Every year, the Yale School of Management’s Global Social Entrepreneurship course gives student teams the opportunity to act as consultants for Indian social enterprises. Last fall and winter, six teams addressed a range of projects. The students spent a half semester working with the organizations remotely before traveling to India in January, and then completed their work in early March.
The students shared some key takeaways during presentations hosted by the Social Impact Lab on March 1 and March 8.
Arjun Adichazhi Valappil ’17, Robin Chan ’17, Maggie Chau ’17, Ramya Gopal ’17, and Ruth Sego FES ’17 partnered with TARAurja, a solar microgrid company that operates in remote, rural areas in Northern India and wants to expand.

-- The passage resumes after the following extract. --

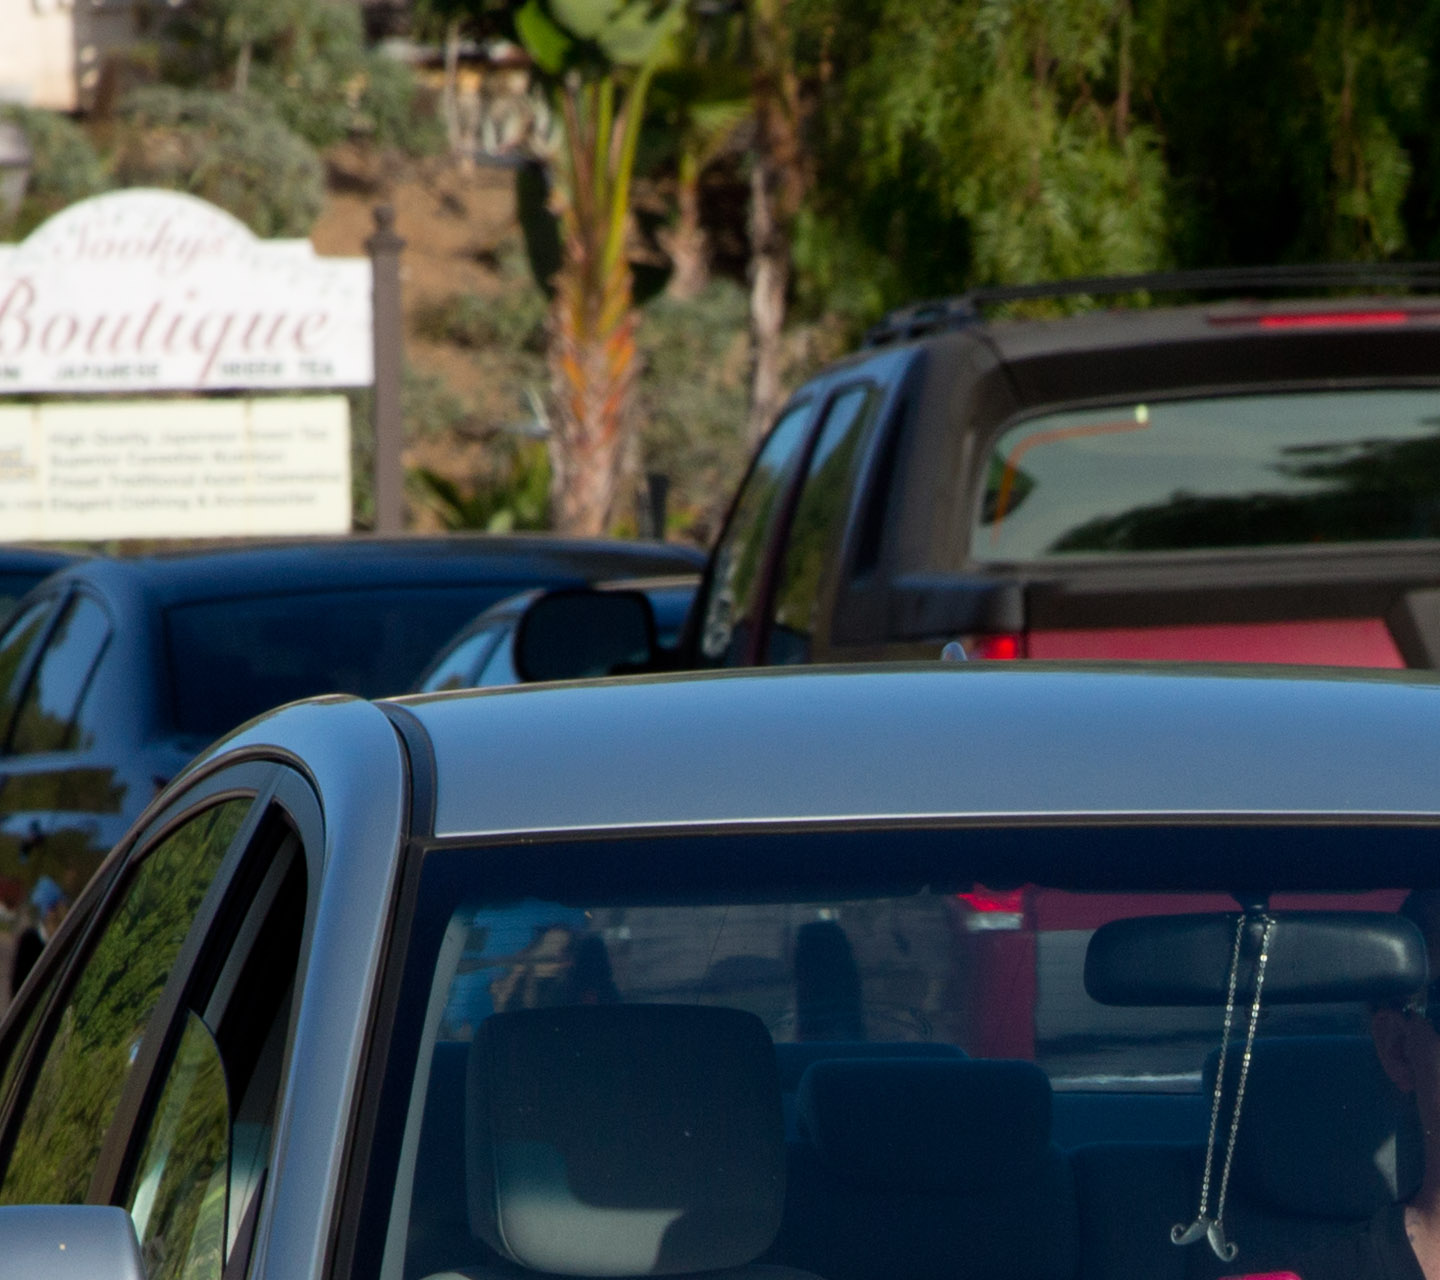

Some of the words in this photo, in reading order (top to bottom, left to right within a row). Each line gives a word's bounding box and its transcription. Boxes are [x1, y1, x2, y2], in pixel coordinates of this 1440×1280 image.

The students worked with TARAurja on ways to improve operations, reduce capital expenses, and learn from the example of comparable peer companies.
“In India, there’s been a lot of rapid development over the last few decades, but there are still a lot of people who lack reliable access to electricity. It’s difficult to extend the gird into rural areas, so a lot of off-grid companies, like TARAurja, have arisen.”
– Robin Chan ’17
BASIX Sub-K Transactions, Ltd.
Emilie Leforestier, MA ’17, a student at the Jackson Institute for Global Affairs; Justin Ling ’17; Will Sealy ’17; Anudeep Yegireddi ’17; and Nina Zhao MAM ’17 partnered with BASIX Sub-K Transactions, a microfinancial institutuion that links banks and customers and wants to expand so that more Indians can access formal financial services.

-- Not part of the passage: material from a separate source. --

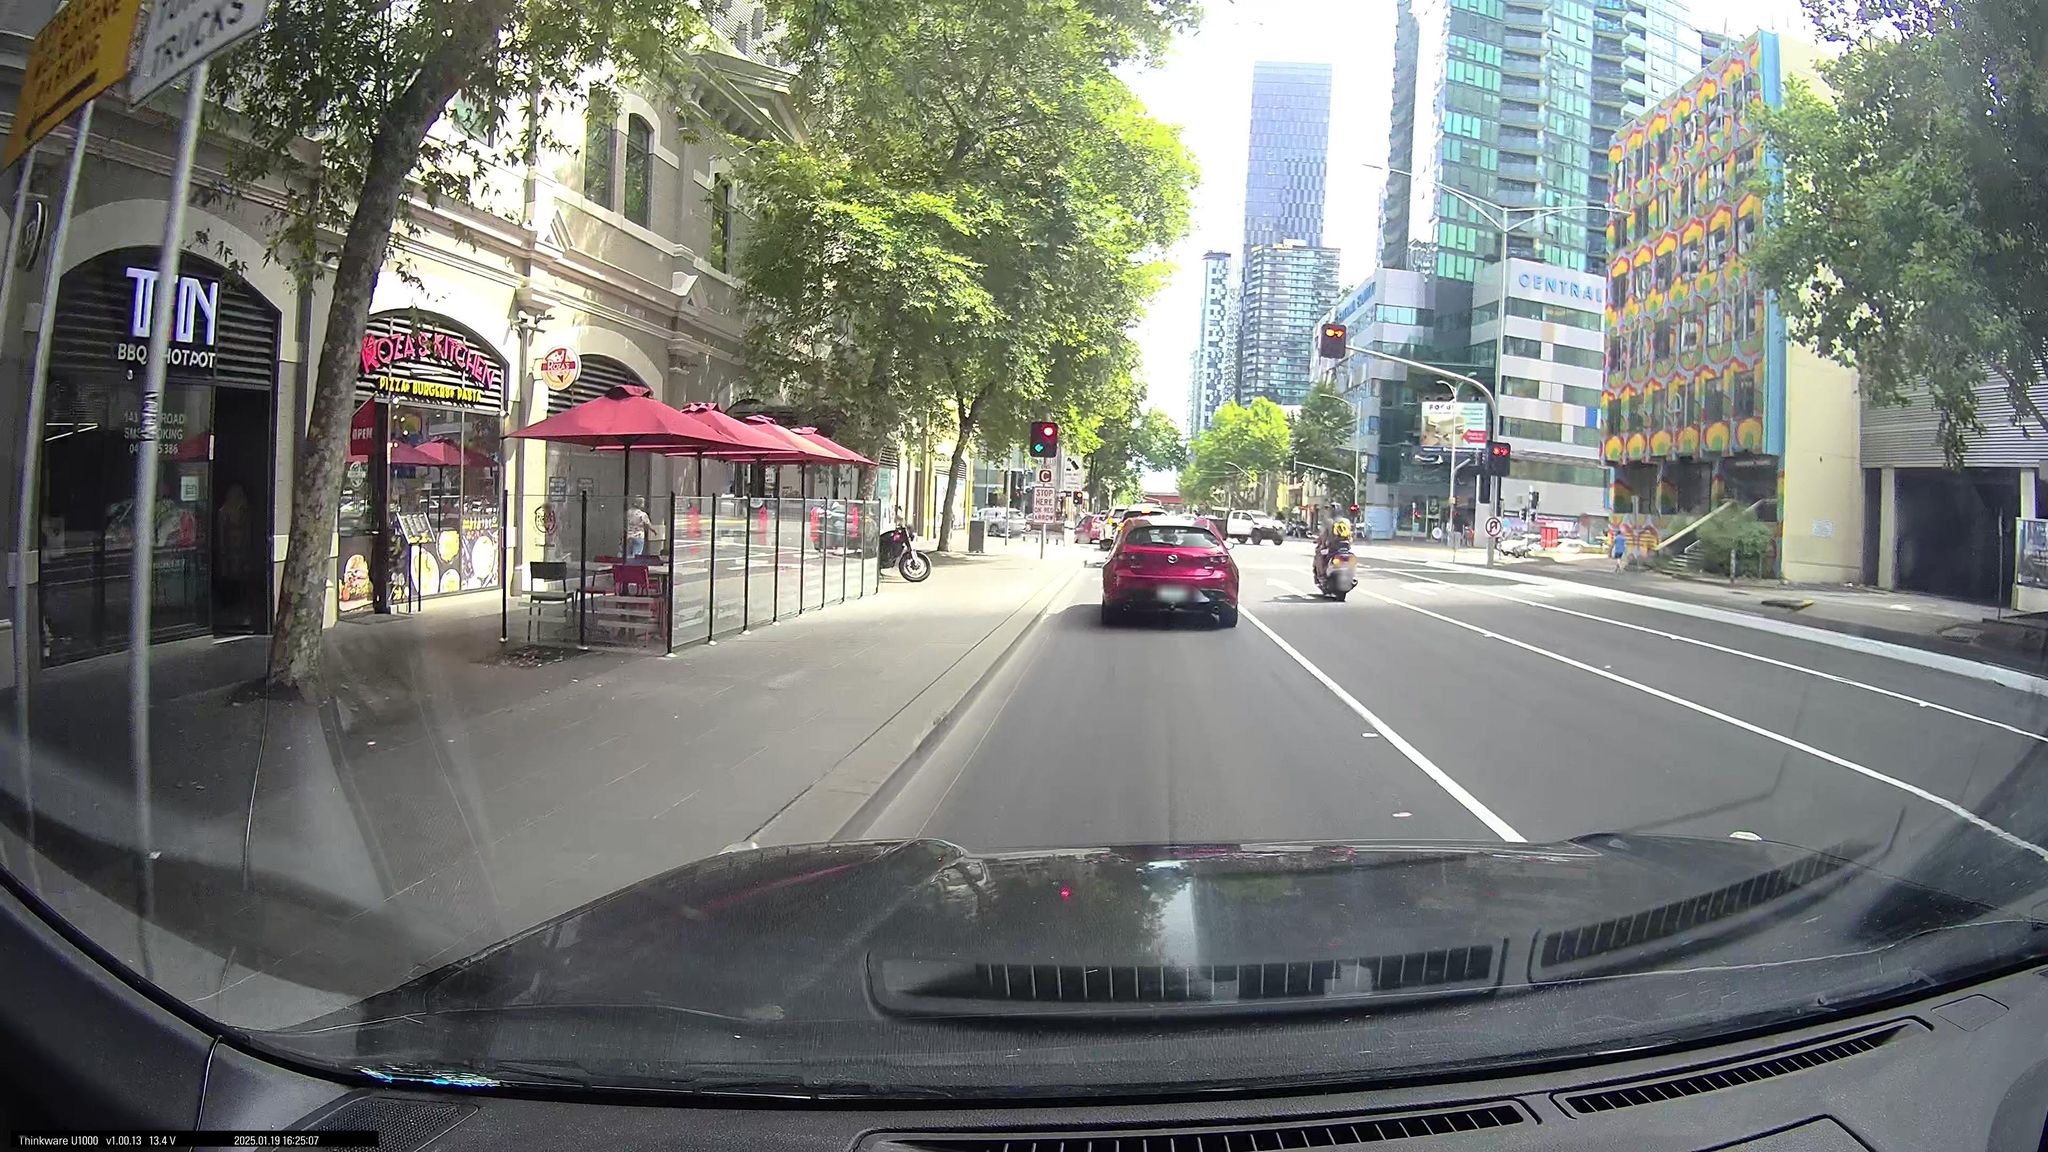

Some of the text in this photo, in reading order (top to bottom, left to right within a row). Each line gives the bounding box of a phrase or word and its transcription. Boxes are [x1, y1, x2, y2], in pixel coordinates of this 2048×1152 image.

The students worked with BASIX to target how the company can leverage new technology to expand its credit services. Students analyzed financial technology innovations that BASIX could integrate into its operations, improving both efficiency and customer experience
“India is going through a digital revolution right now, which we think could be really beneficial for increasing access to credit.”
—Justin Ling ’17
Rebecca Joy Anderson MA ’17, a student at the Jackson Institute for Global Affairs; Vaibhav Desai ’17; Vichi Jagannathan ’17; and Daniel Nyaho-Darti MAM ’17 partnered with AlphaMD LifeSciences, a startup focused on how analytics information is shared with pharmaceutical companies.
The students analyzed several business models of how AlphaMD could launch a new, mobile healthcare delivery system to bring care to rural areas. Students worked on a financial model for the undertaking, paying special attention to key metrics that could track performance.

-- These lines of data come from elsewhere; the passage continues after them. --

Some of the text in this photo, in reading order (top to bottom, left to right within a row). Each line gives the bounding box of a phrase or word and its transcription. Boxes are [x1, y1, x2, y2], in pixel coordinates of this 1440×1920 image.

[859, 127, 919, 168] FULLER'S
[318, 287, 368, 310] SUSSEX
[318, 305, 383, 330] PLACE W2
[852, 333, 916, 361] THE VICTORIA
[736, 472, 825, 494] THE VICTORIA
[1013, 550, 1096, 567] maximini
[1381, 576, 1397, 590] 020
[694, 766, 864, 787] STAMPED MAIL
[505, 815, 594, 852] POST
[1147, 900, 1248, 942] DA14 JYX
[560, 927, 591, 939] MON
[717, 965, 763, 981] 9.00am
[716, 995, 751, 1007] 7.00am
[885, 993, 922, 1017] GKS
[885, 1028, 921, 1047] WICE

“We studied models of non-urban healthcare delivery in India. It was the first time any of us had dealt with the concept of healthcare delivery. Conversations with stakeholders made the trip so valuable.”
—Rebecca Anderson MA ’17, a student at the Jackson Institute for Global Affairs
Other teams included:
- Eunice Amo MAM ’17; Oscar Benjamin ’17, FES ’17; Tanveer Chawla ’17; and Caleb Thomson MAM ’17, who partnered with the Center for Science and Environment, a public interest research and advocacy organization, on a business plan to promote sustainable development through organic farmers’ markets.
- Shashank Iyer MA ’17; Kamal Naidu MAM ’17; Ariel Olswanger SPH-HCMP ’17; and Ariel Russ FES ’17, who partnered with Sadhna, a handicraft enterprise that helps women artisans achieve economic and financial empowerment by selling their crafts.
- Basim Aqdas ’17, Natania Gazek ’17, Kaitlin Koga ’17, and Jessel Patel ’17, who partnered with the Mann Deshi Foundation, a women’s cooperative bank and foundation in rural India that seeks to empower women through financial services.